Images for object localization

^^^^^^^^

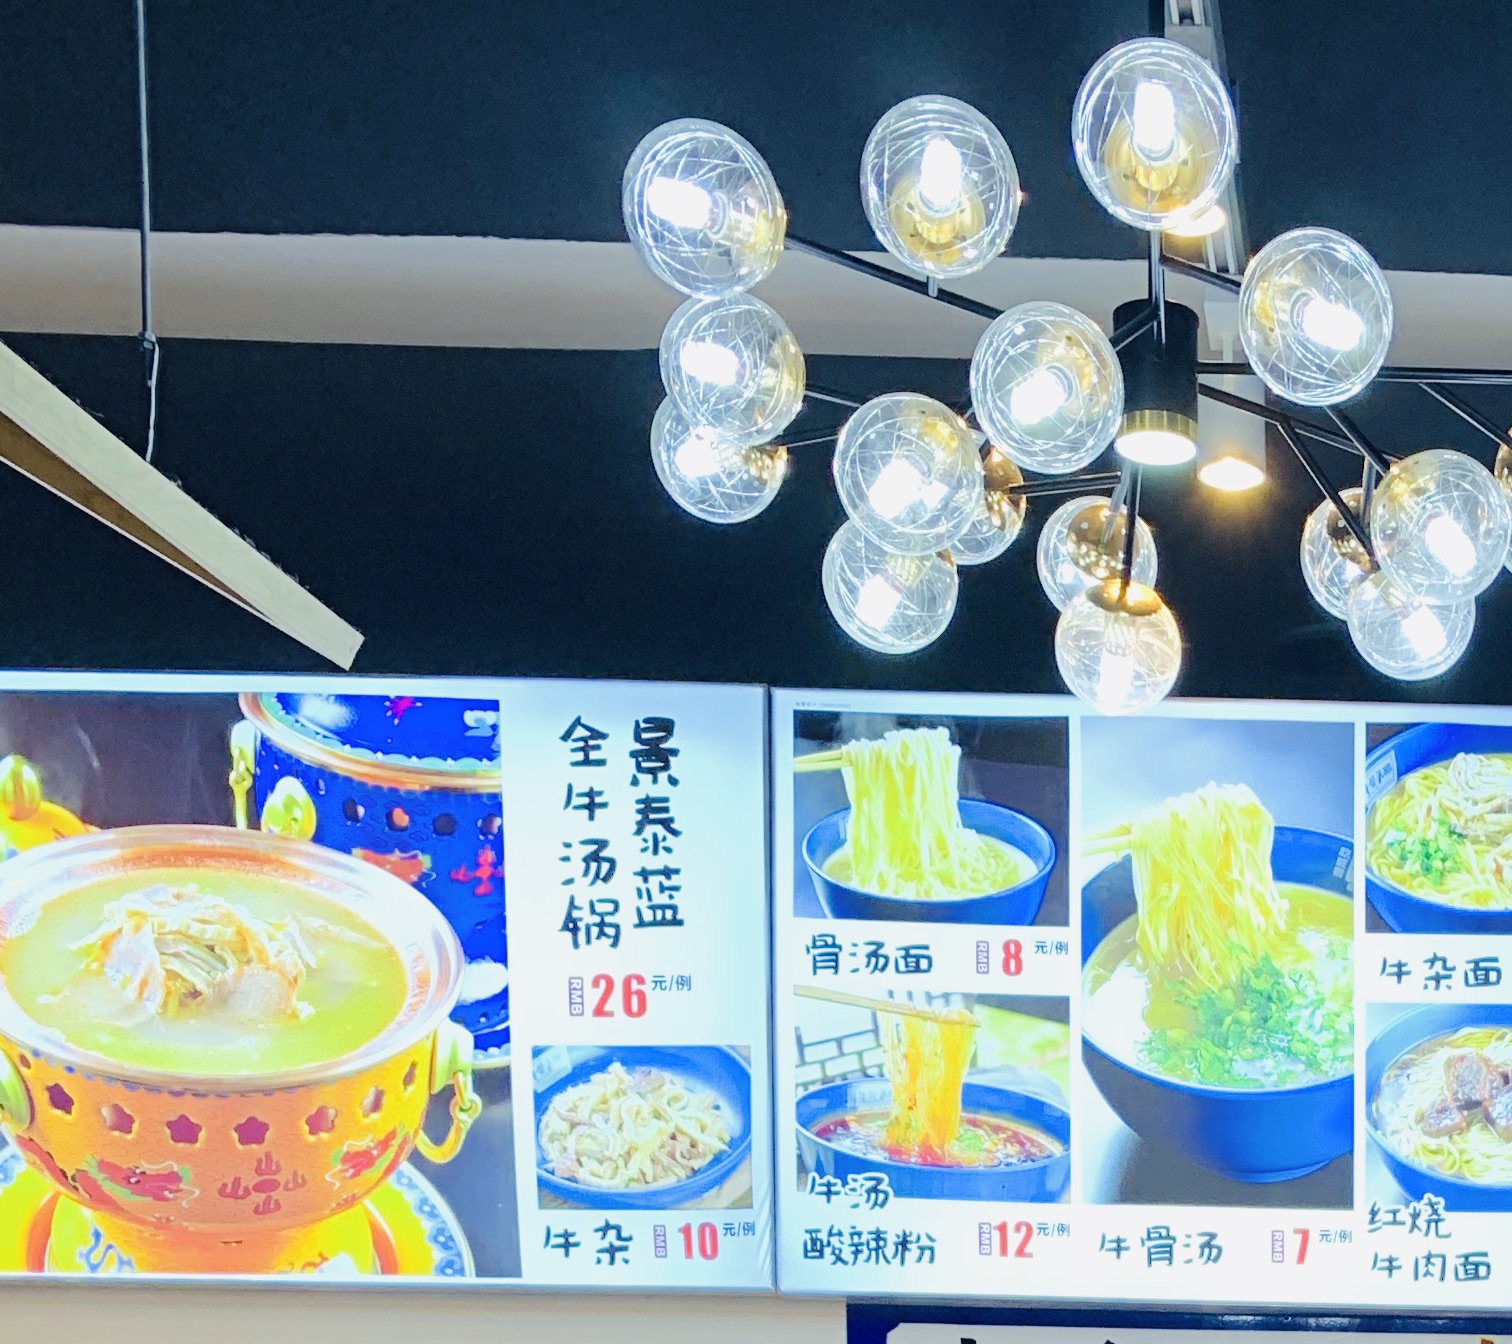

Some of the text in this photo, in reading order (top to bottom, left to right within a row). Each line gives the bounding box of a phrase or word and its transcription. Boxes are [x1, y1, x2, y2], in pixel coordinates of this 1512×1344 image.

[559, 715, 621, 949] 全牛汤锅
[629, 716, 684, 928] 景泰蓝
[806, 934, 1068, 976] 骨汤面 RMB 8 元/例
[1381, 952, 1502, 991] 牛杂面
[570, 974, 691, 1018] RMB 26 元/例
[807, 1173, 890, 1210] 牛汤
[1367, 1197, 1451, 1239] 红烧
[544, 1219, 633, 1265] 牛杂
[655, 1227, 666, 1257] RMB
[678, 1222, 718, 1260] 10
[803, 1221, 1070, 1266] 酸辣粉 RMB 12 元/例
[1100, 1226, 1352, 1267] 牛骨汤 RMB 7 元/例
[1372, 1250, 1491, 1282] 牛肉面

^^^^^^^^

PROBLEM STATEMENT -> Reproduce all entries exactly. Pictures do not belong in the copy.

ANSWER SPACE ->
Some of the text in this photo, in reading order (top to bottom, left to right within a row). Each line gives the bounding box of a phrase or word and its transcription. Boxes are [x1, y1, x2, y2], in pixel coordinates of this 1512×1344 image.

[559, 715, 621, 949] 全牛汤锅
[629, 716, 684, 928] 景泰蓝
[806, 934, 1068, 976] 骨汤面 RMB 8 元/例
[1381, 952, 1502, 991] 牛杂面
[570, 974, 691, 1018] RMB 26 元/例
[807, 1173, 890, 1210] 牛汤
[1367, 1197, 1451, 1239] 红烧
[544, 1219, 633, 1265] 牛杂
[655, 1227, 666, 1257] RMB
[678, 1222, 718, 1260] 10
[803, 1221, 1070, 1266] 酸辣粉 RMB 12 元/例
[1100, 1226, 1352, 1267] 牛骨汤 RMB 7 元/例
[1372, 1250, 1491, 1282] 牛肉面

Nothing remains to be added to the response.